To address the high energy consumption and low energy efficiency hindering large language model (LLM) deployment on edge devices, this work proposes the first matrix-multiplication-free (MatMul-free) LLM architecture tailored for Intel Loihi 2 neuromorphic processors. The architecture deeply integrates brain-inspired computing principles with hardware-aware quantization, event-driven sparse computation, state-preserving neural dynamics modeling, and Loihi 2–specific compiler mapping. It enables efficient inference of a 370M-parameter model with zero accuracy loss. Experimental results demonstrate that, compared to a Transformer baseline running on an edge GPU, our approach achieves a 3× throughput improvement and 50% energy reduction, while exhibiting superior scalability. This work constitutes the first empirical validation of spiking neural network (SNN) paradigms for efficient, scalable LLM inference at the edge—establishing both feasibility and clear advantages over conventional deep learning approaches.

Large language models (LLMs) deliver impressive performance but require large amounts of energy. In this work, we present a MatMul-free LLM architecture adapted for Intel's neuromorphic processor, Loihi 2. Our approach leverages Loihi 2's support for low-precision, event-driven computation and stateful processing.

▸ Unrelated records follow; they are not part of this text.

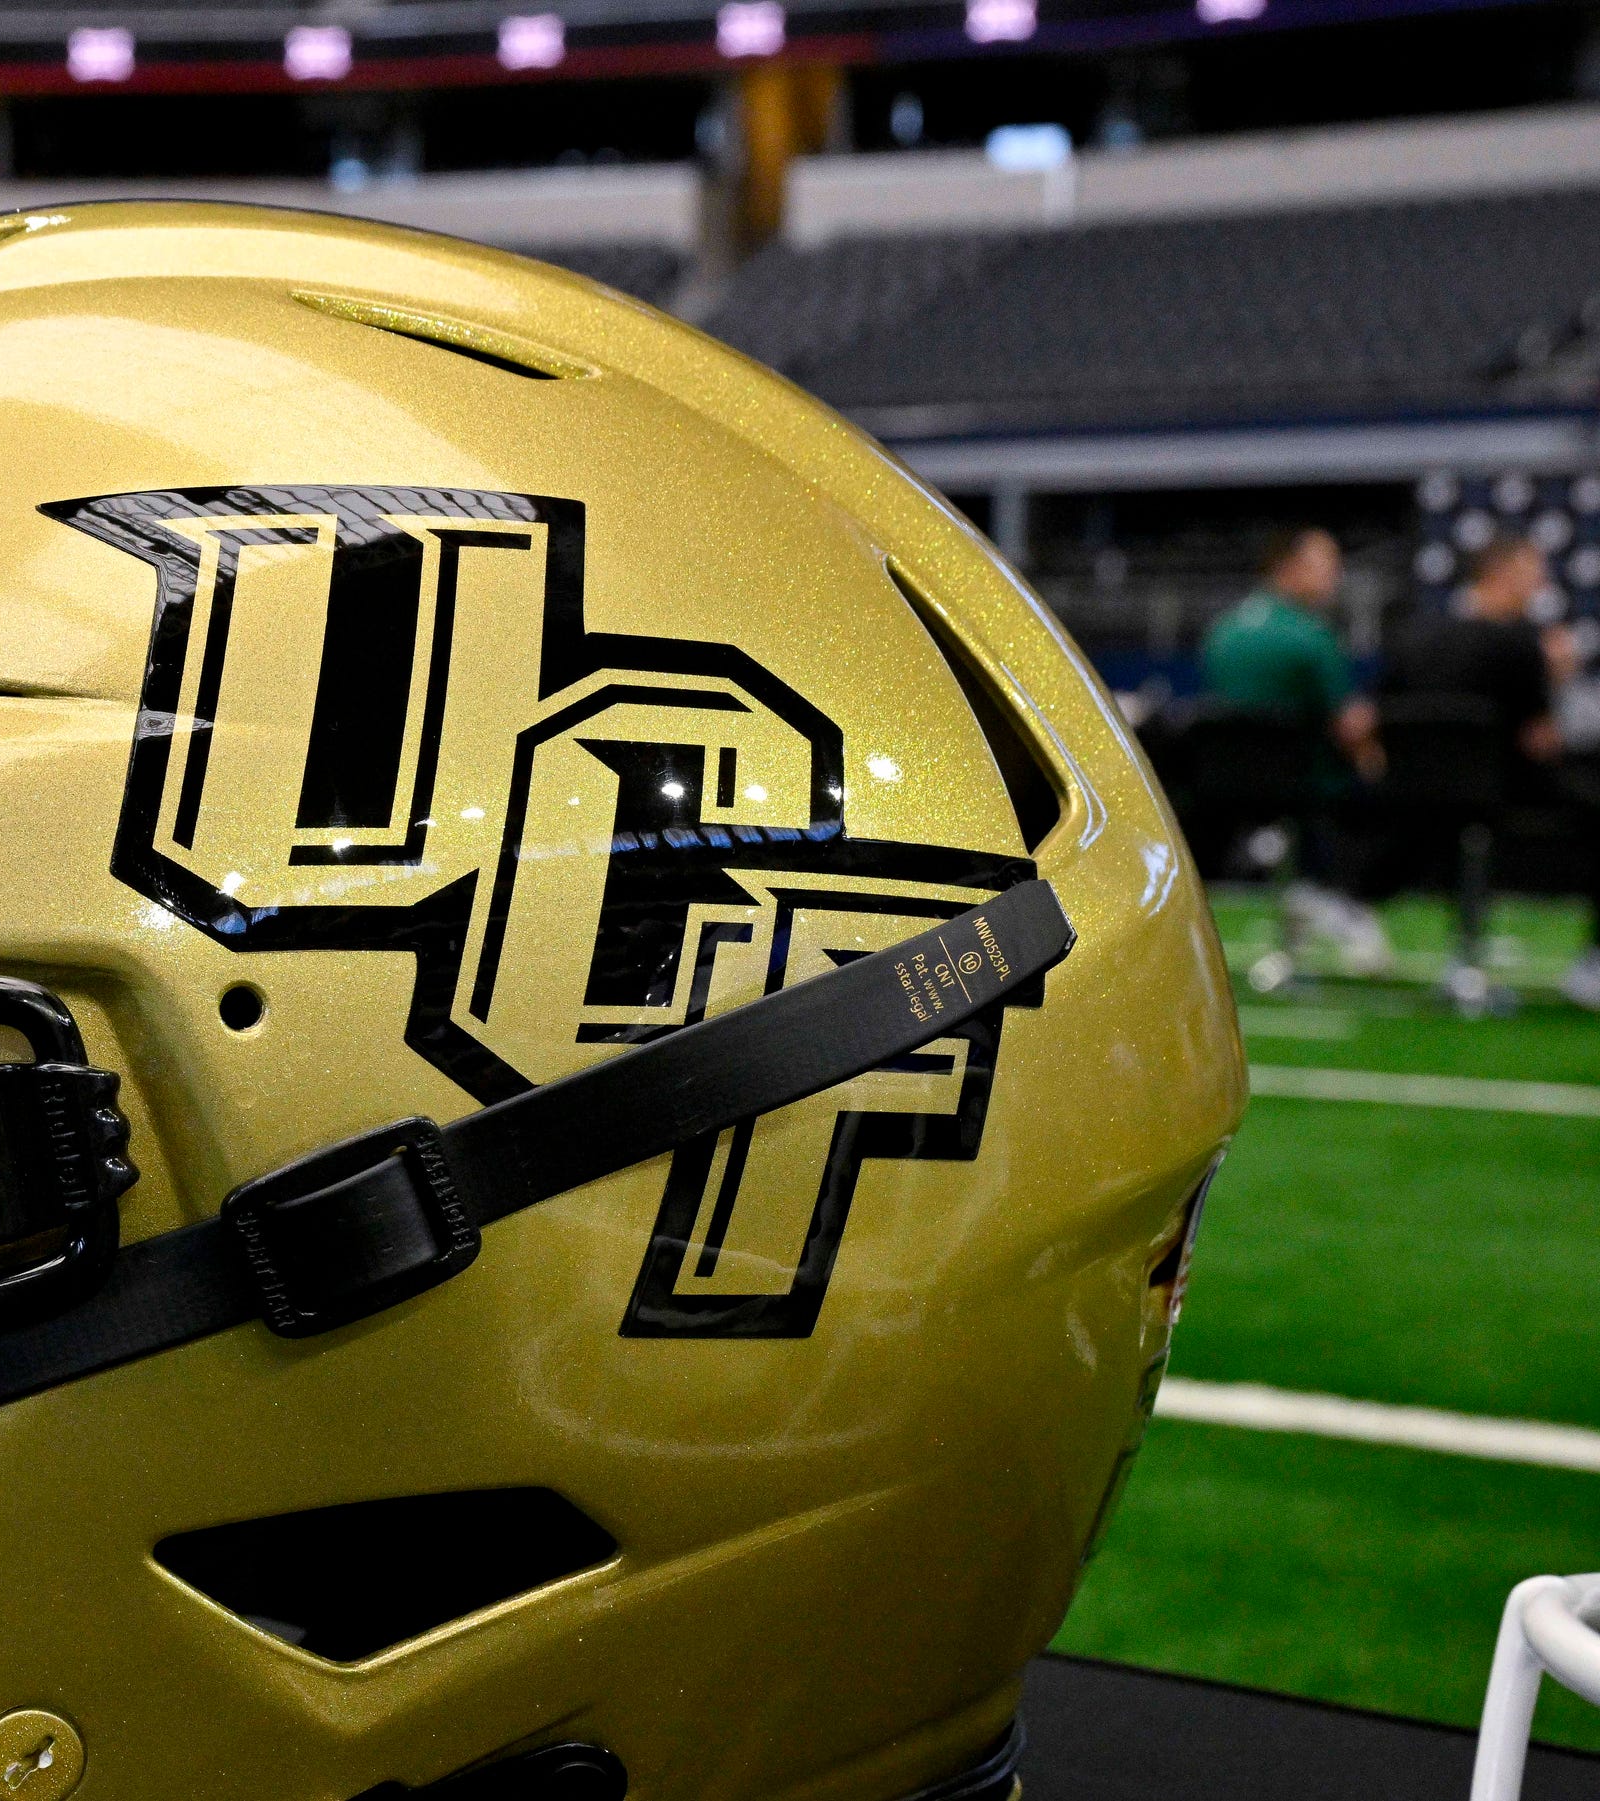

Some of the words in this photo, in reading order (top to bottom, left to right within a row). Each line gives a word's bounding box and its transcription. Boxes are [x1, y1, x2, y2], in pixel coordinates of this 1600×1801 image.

[37, 484, 1044, 1339] UCF
[894, 962, 933, 1022] sstar.legal
[911, 953, 929, 979] Pat.
[923, 979, 945, 1014] www.
[934, 963, 956, 988] CNT
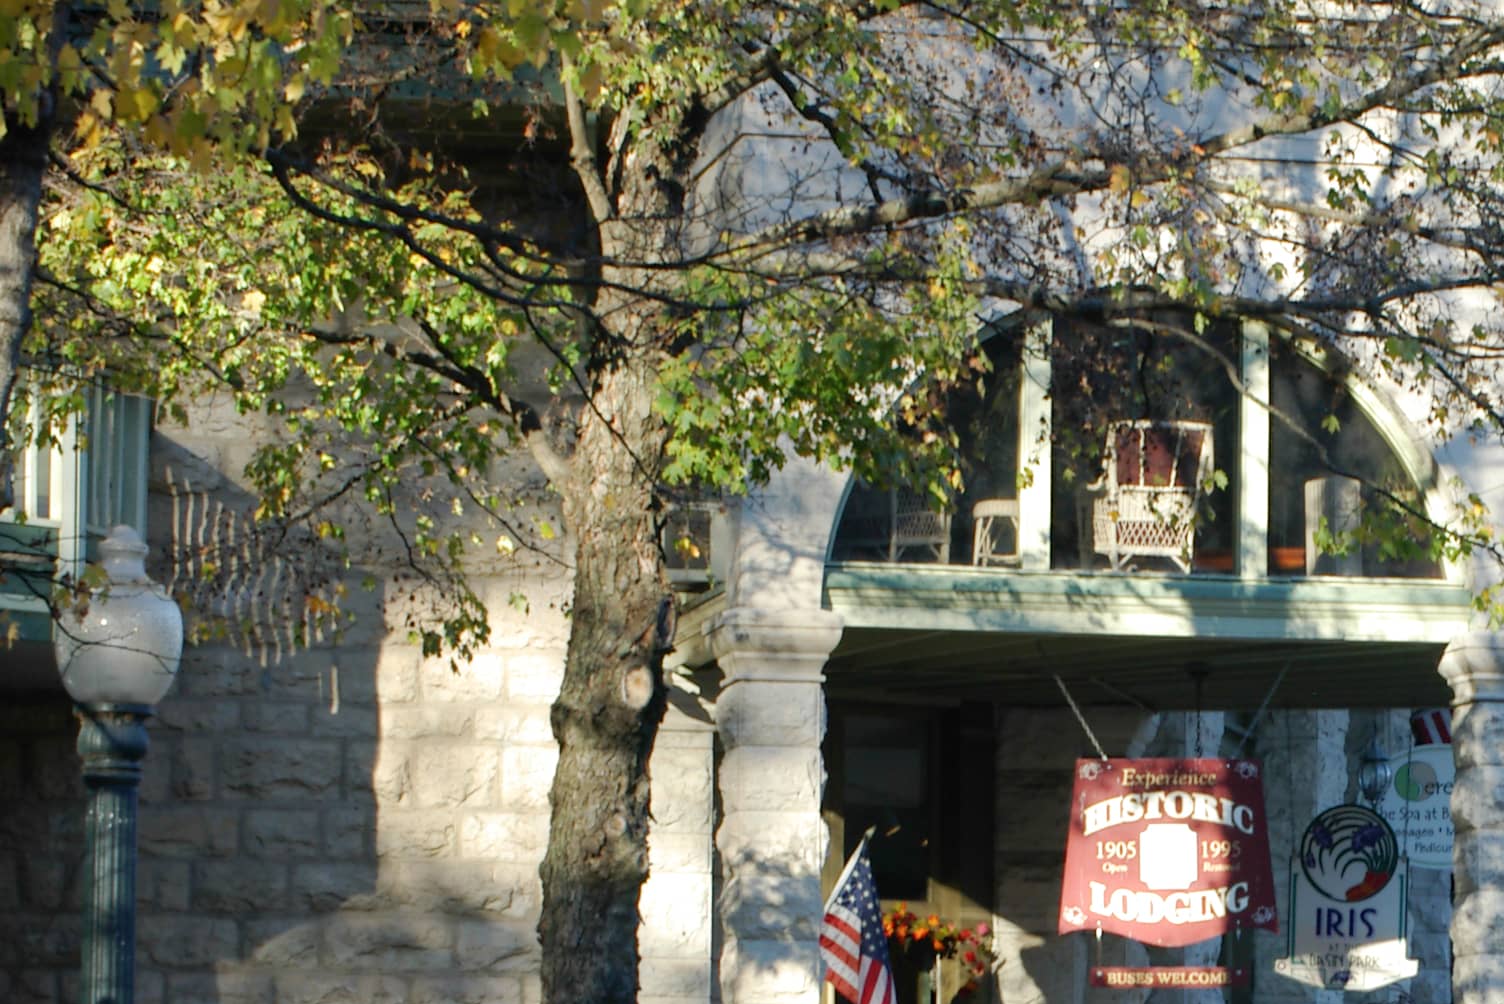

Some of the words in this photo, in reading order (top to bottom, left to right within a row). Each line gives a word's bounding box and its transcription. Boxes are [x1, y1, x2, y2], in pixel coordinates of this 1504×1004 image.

Our hardware-aware quantized model on GPU demonstrates that a 370M parameter MatMul-free model can be quantized with no accuracy loss. Based on preliminary results, we report up to 3x higher throughput with 2x less energy, compared to transformer-based LLMs on an edge GPU, with significantly better scaling. Further hardware optimizations will increase throughput and decrease energy consumption. These results show the potential of neuromorphic hardware for efficient inference and pave the way for efficient reasoning models capable of generating complex, long-form text rapidly and cost-effectively.